Local mindfulness author offers free resiliency webinar to Steamboat community
STEAMBOAT SPRINGS — For the past 12 years, Steamboat Springs resident and best-selling author Dr. Kristen Race focused her business on using neuroscience to help people apply mindfulness to managing the stresses of everyday life.
Over the past month, Race has pivoted her business to help people navigate much more acute stress, which, amid the global COVID-19 pandemic, can no longer be described as everyday life.
Working with everyone from Fortune 500 companies and city governments to schools and frontline responders, Race has a unique ability to make neuroscience accessible to all. And through that science gives people resiliency-building tools and strategies easily incorporated into daily routines. She’s given TED talks and trained more than 40,000 leaders worldwide.
However, like so many others, Race’s own life was upended by the arrival of the coronavirus. Much of her business includes traveling to appear in front of large groups and conventions. All her speaking engagements were suddenly cancelled.
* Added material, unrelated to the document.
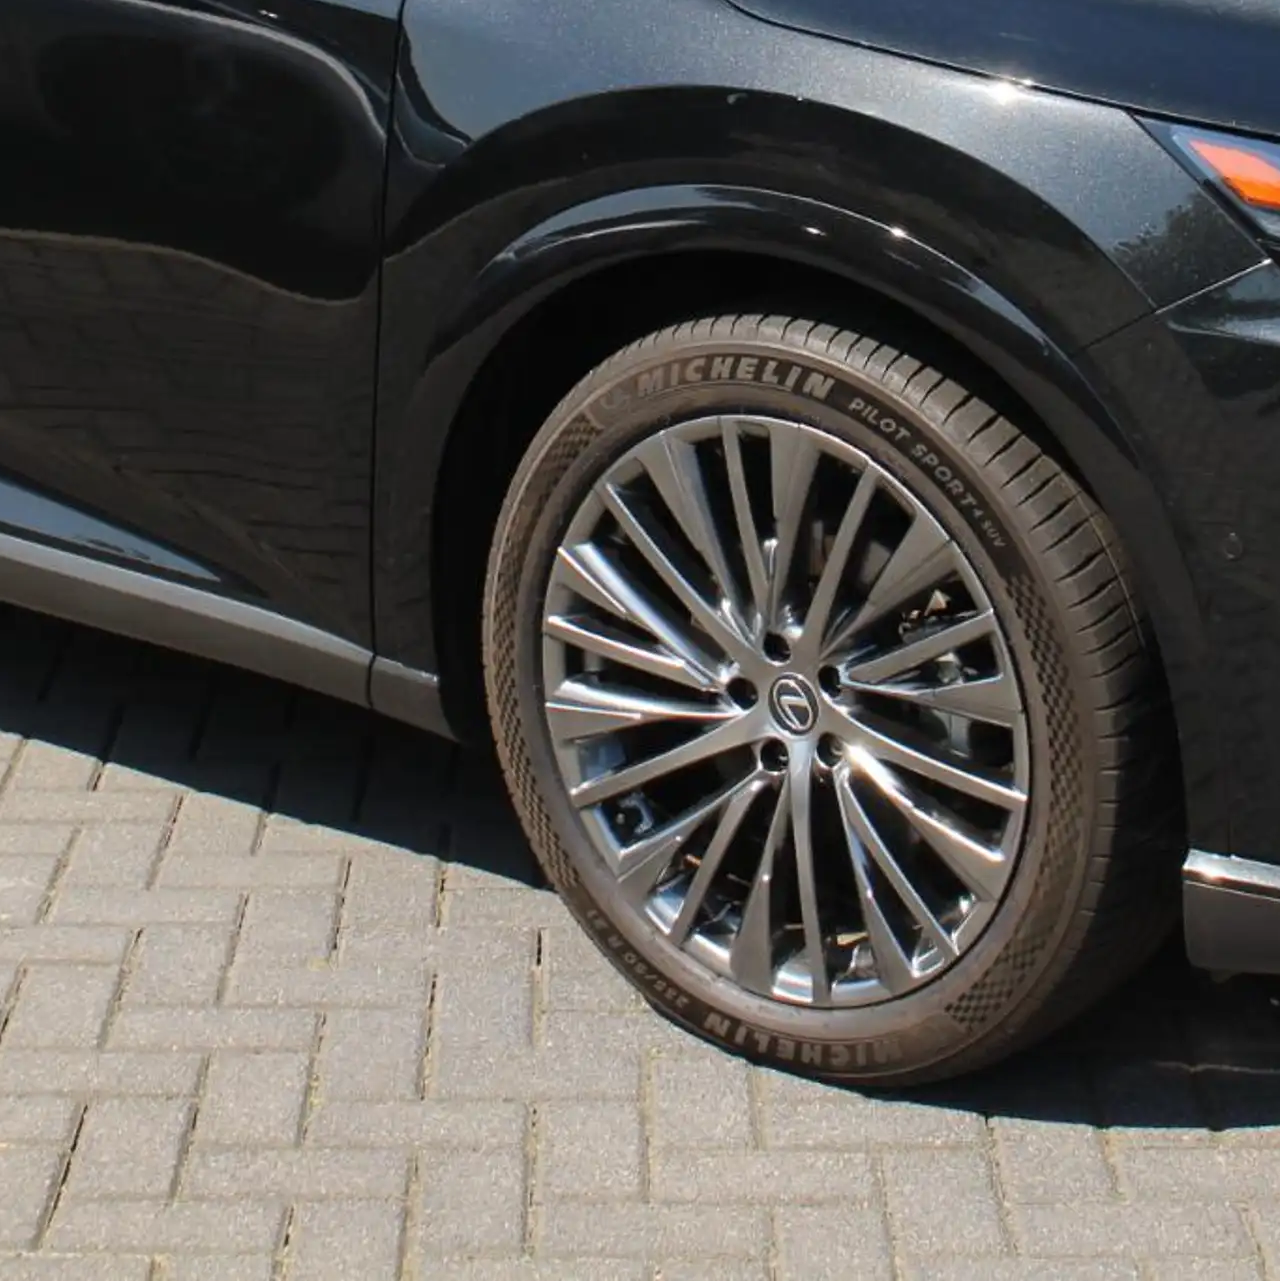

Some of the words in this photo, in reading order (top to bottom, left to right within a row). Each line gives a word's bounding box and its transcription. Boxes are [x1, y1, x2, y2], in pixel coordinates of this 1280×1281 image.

Her two children were home from school, and the town was shutting down.
“It was all a bit of a blur,” she said.
As Race was trying to figure out the future of her own business, which also employs her husband, Kenny Reisman, Race’s 16-year-old daughter pointed out her mother’s skill set could help people through this new reality full of very real stressors.
Today, after shifting as much of her work as she could to the virtual world, Race gives about five to seven webinars each week.
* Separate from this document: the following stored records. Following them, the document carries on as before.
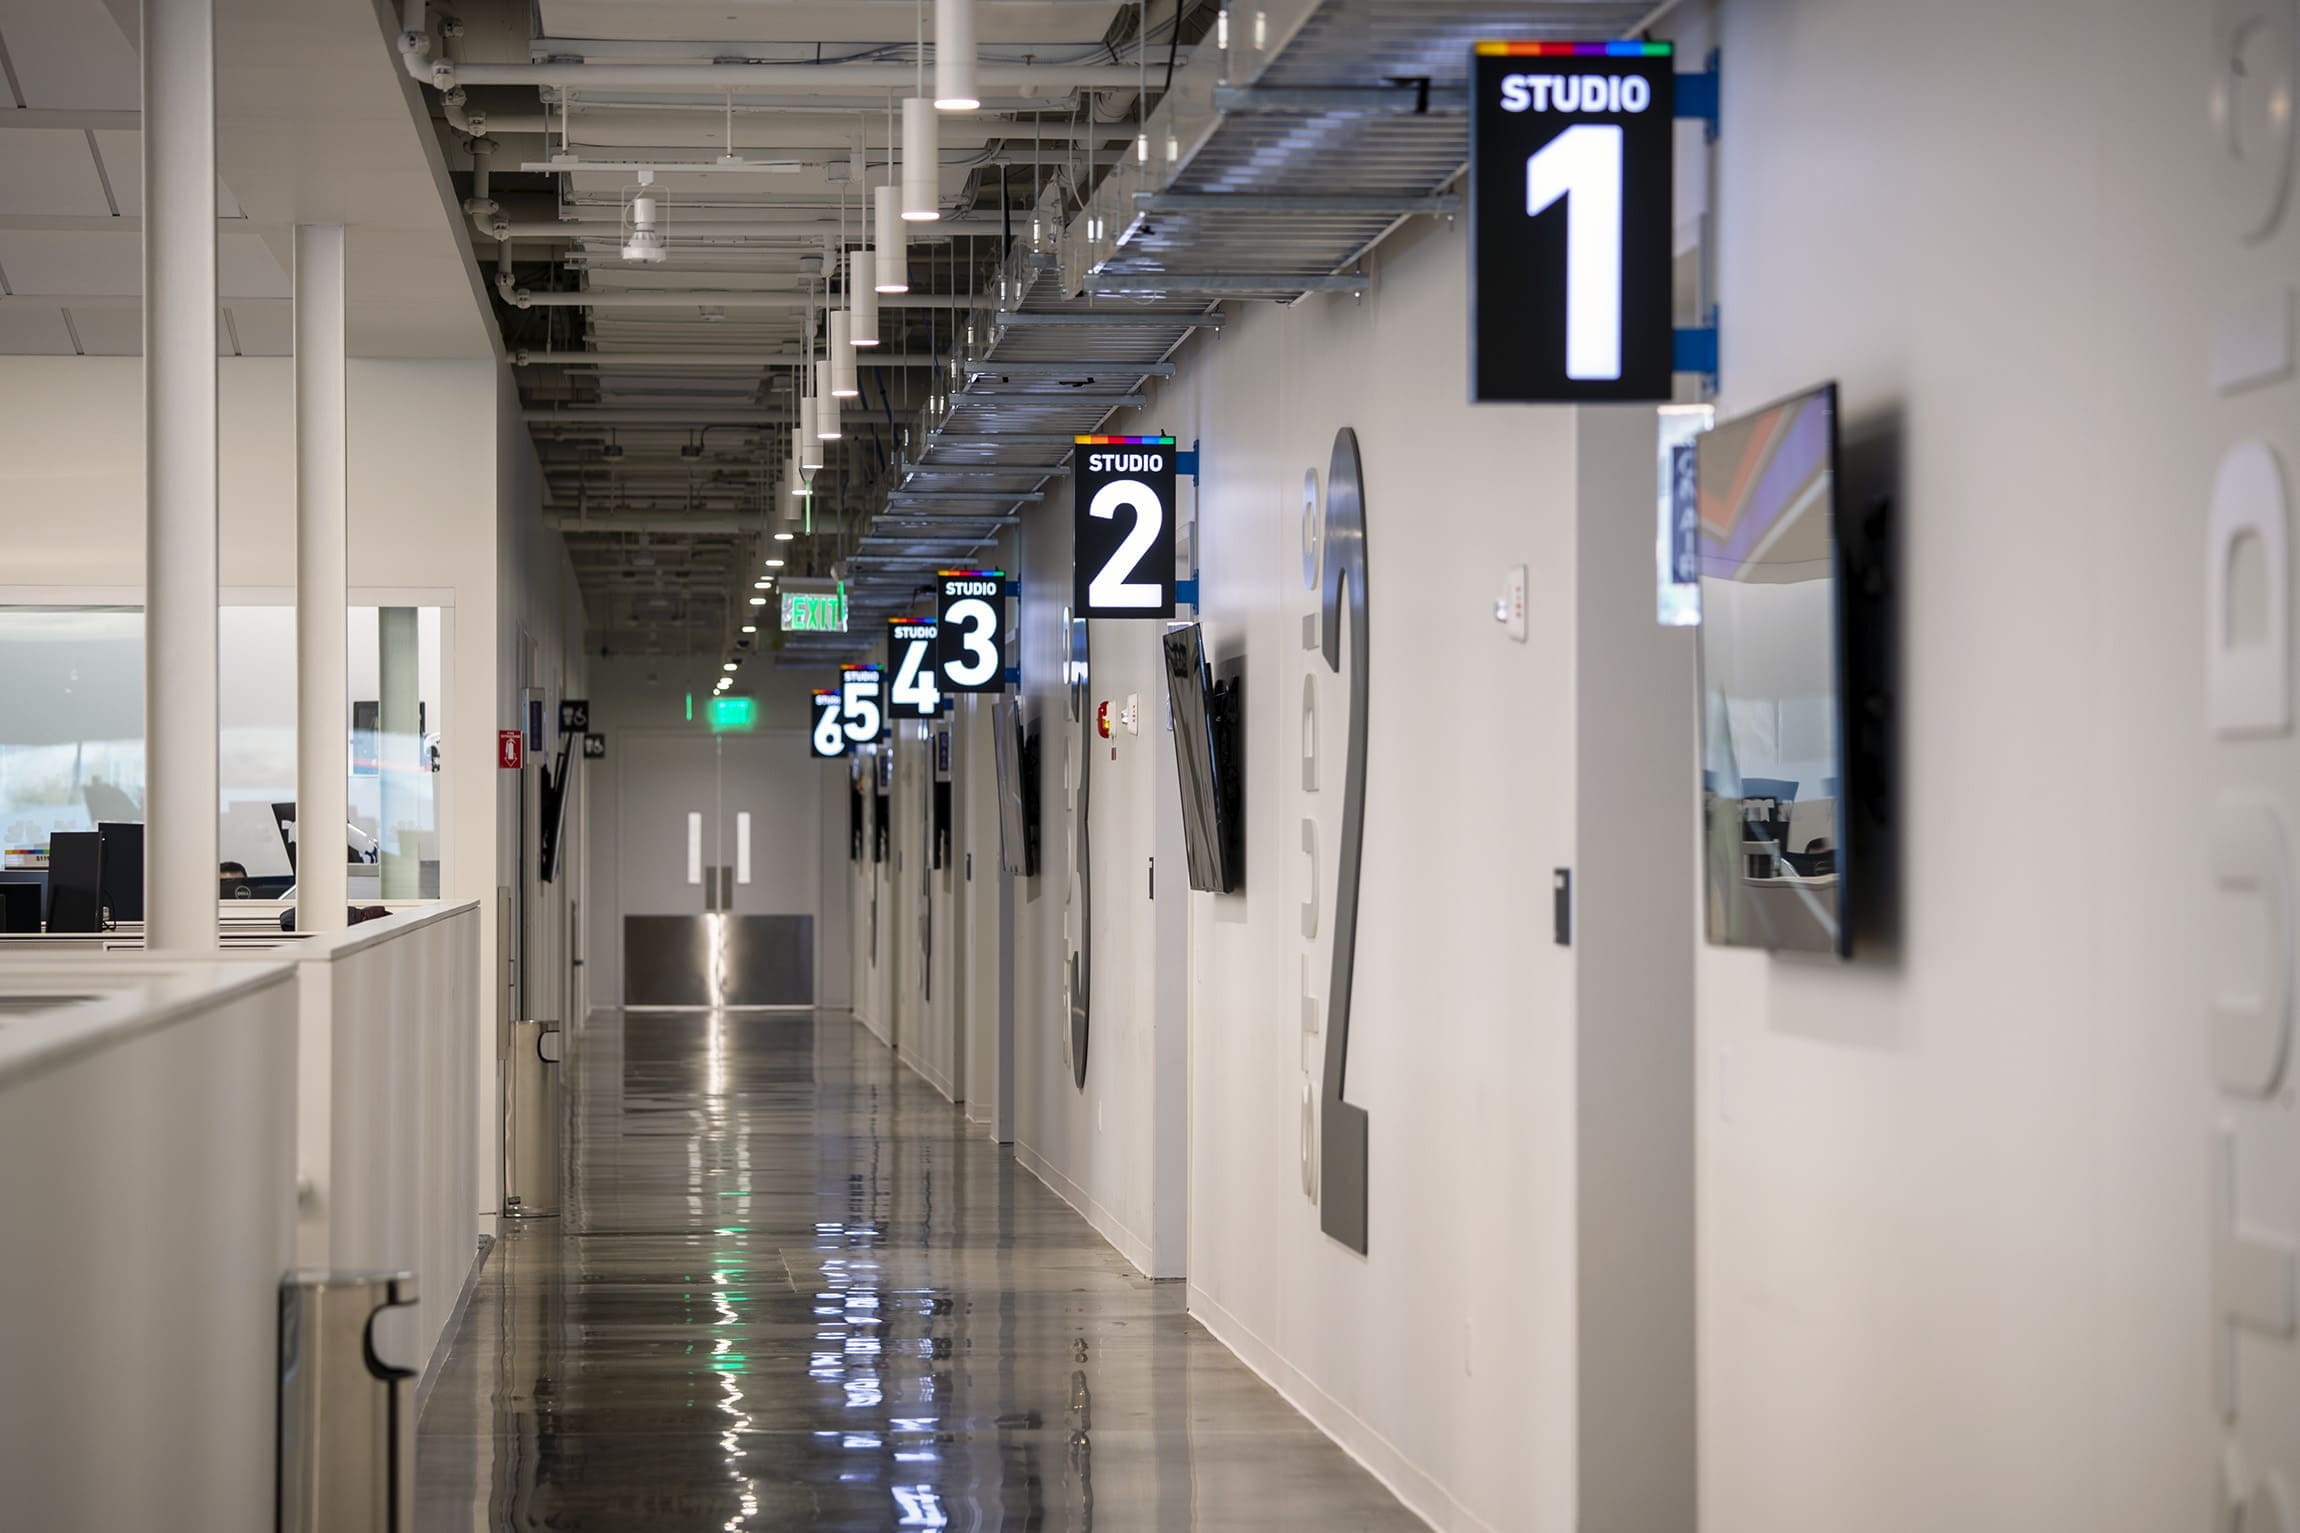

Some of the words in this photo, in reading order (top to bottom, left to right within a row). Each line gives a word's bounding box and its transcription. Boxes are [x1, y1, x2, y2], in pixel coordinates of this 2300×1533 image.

[1501, 74, 1651, 112] STUDIO
[1526, 124, 1623, 380] 1
[1089, 454, 1163, 472] STUDIO
[1088, 479, 1163, 608] 2
[792, 597, 838, 631] EXIT
[945, 581, 997, 596] STUDIO
[894, 626, 938, 639] STUDIO
[944, 598, 998, 686] 3
[892, 640, 940, 714] 4
[813, 705, 845, 756] 6
[843, 682, 880, 741] 5
On Wednesday, Race partnered with the Steamboat Springs Chamber to provide a free webinar to the local community. The same day she also presented a webinar to a global insurance company and a Denver school district.
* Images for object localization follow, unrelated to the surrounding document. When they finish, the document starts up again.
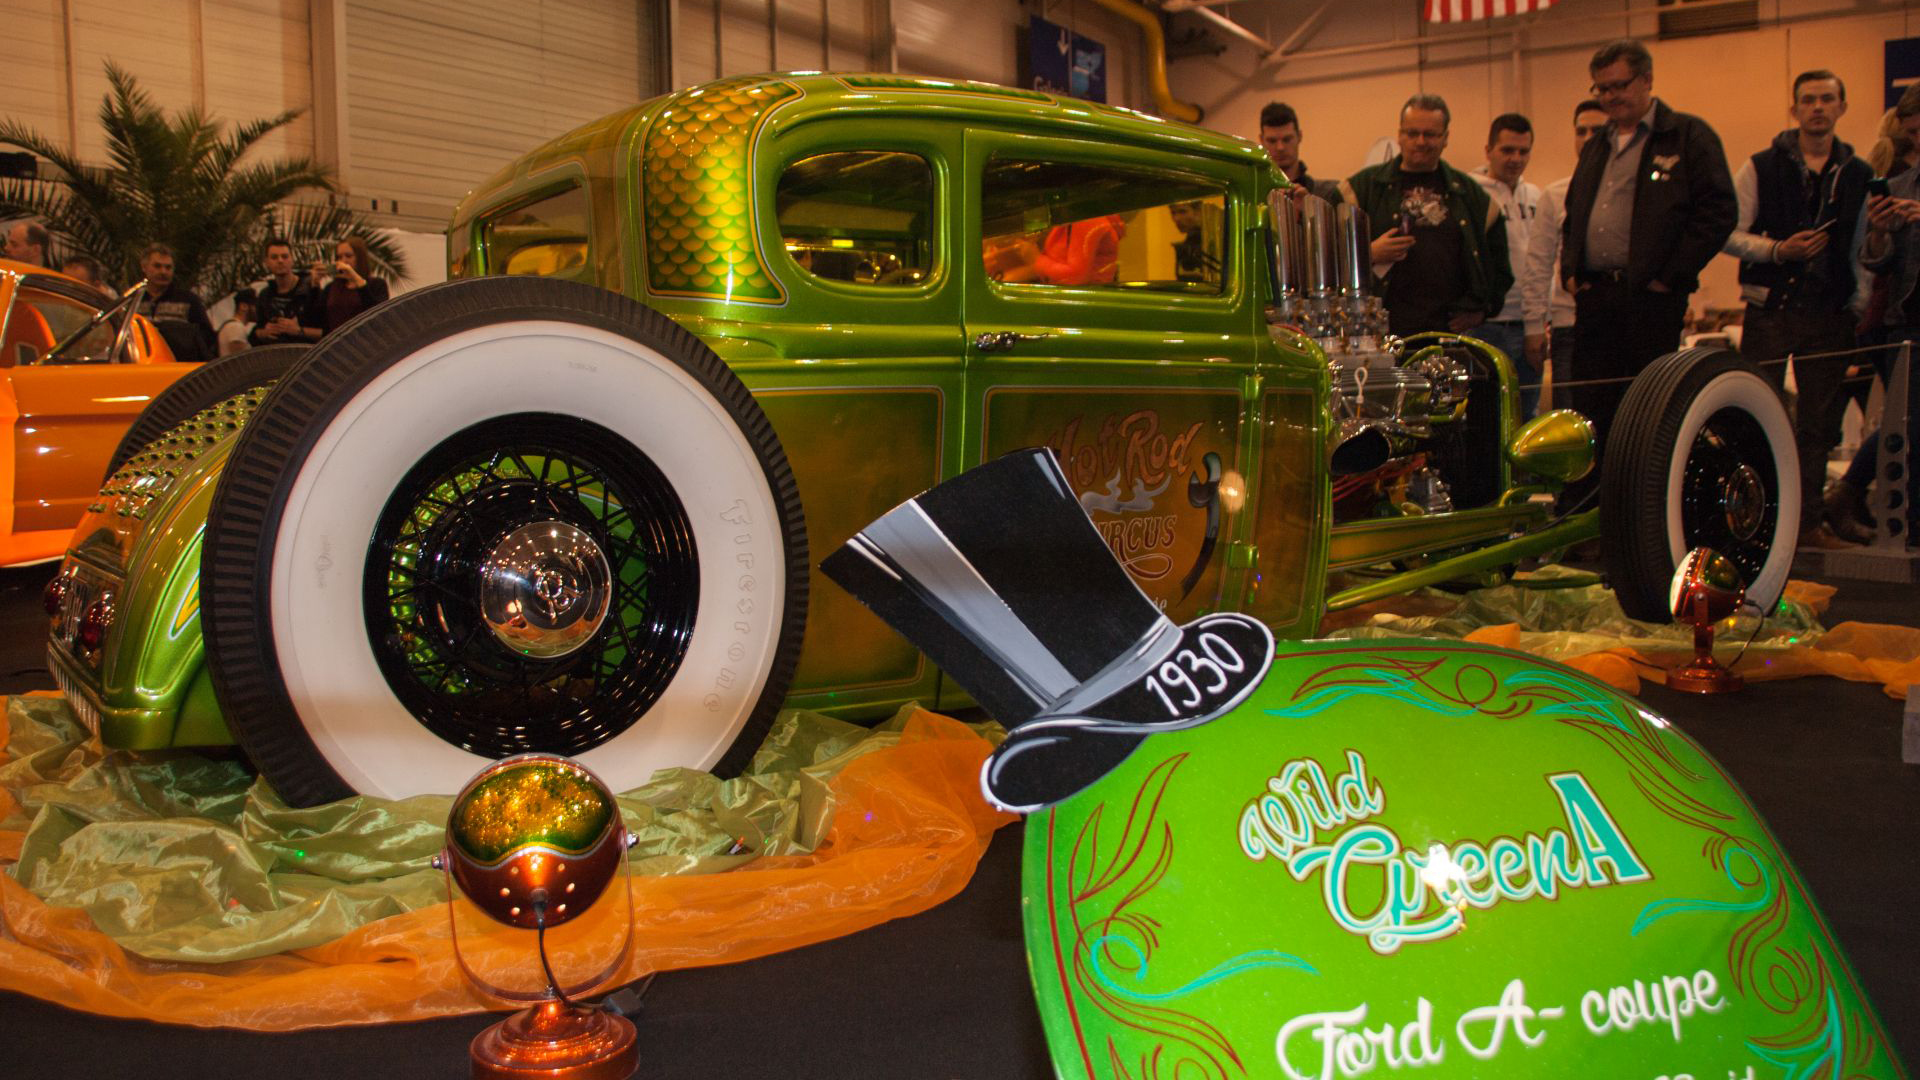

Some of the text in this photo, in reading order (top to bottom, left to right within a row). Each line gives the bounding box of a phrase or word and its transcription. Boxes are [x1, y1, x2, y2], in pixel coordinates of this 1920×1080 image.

[1118, 409, 1206, 490] Rod
[1096, 514, 1178, 580] IRCUS
[703, 498, 756, 713] Firestone
[1146, 632, 1245, 717] 1930
[1237, 748, 1386, 862] Wild
[1275, 996, 1445, 1080] Ford
[1580, 968, 1724, 1042] coupe
With about 100 people from in and around Steamboat joining online, Race began the webinar with three deep breaths, ending with direction to “think about what is important right now.”
Then she dove into the science, showing a graphic of the prefrontal cortex of the brain. The goal, Race said, is to provide people with tools “to create the brain state to enhance health, happiness and resiliency during this difficult time.”
Race described the brain’s vacillation between the “smart” state, where we can think clearly to problem solve and calmly make rational decisions, to the “alarm” state, where we are reactive, impulsive, irritable and anxious.
There are countless thoughts right now triggering people’s alarm state, Race said. Some of those are about real and direct threats, like being sick and losing livelihoods, and some of those are worries about potential threats. Our brains “process threats to survival the same way as worries about threats to survival,” she said.
And so many of our thoughts right now are about the unknowns.
“Stress thrives on uncertainty,” Race acknowledged.
The more time we spend in that alarm state, she said, and the more our stress levels rise, the higher chance we have of getting sick.
Race emphasized she isn’t saying we should resist or ignore our stresses and anxieties but rather to accept them, sit with them and examine them more closely and figure out where we can be most productive in our response.
Resisting can lead to the building of anxiety, she noted.
Using the Charles R. Swindoll quote “Life is 10% what happens to you and 90% how you react to it,” Race described the importance of gaining control on how we react.
That’s where mindfulness practices come in, she continued, by “bringing attention to the present moment in systematic ways” and making it “harder for the alarm response to take over.”
Those practices do for our brains what bicep curls do for our bodies, Race said.
“By strengthening the neural pathways in our prefrontal cortex, you can train your brain the same way you train your body,” she explained.
From observing how you start your day and setting three priorities and an intention early on to breathing exercises and writing down positive things before you go to bed, Race described a number of small actions that can make a big difference.
Studies have shown, she said, that when employed over the long term, the practice of writing down three good things that happened each day can be more effective than Prozac.
Race also gave some tips for working from home and parenting, as well as how to stay informed while setting boundaries to avoid the overconsumption of negative information.
Race talked about “habit stacking” and gave the very relevant example of doing a breathing exercise while you wash your hands, inhaling for four seconds, exhaling for six, and repeating.
Wednesday’s free seminar, Race said, gave her a chance to give back to her community — something that isn’t always as easy to figure out how to do when it comes to a crisis like a pandemic.
There are very genuine threats and fears facing us all at this time, Race acknowledged, but there are also positives we can find every day.
“As much as you can, stay present and focus on what you can control,” Race said.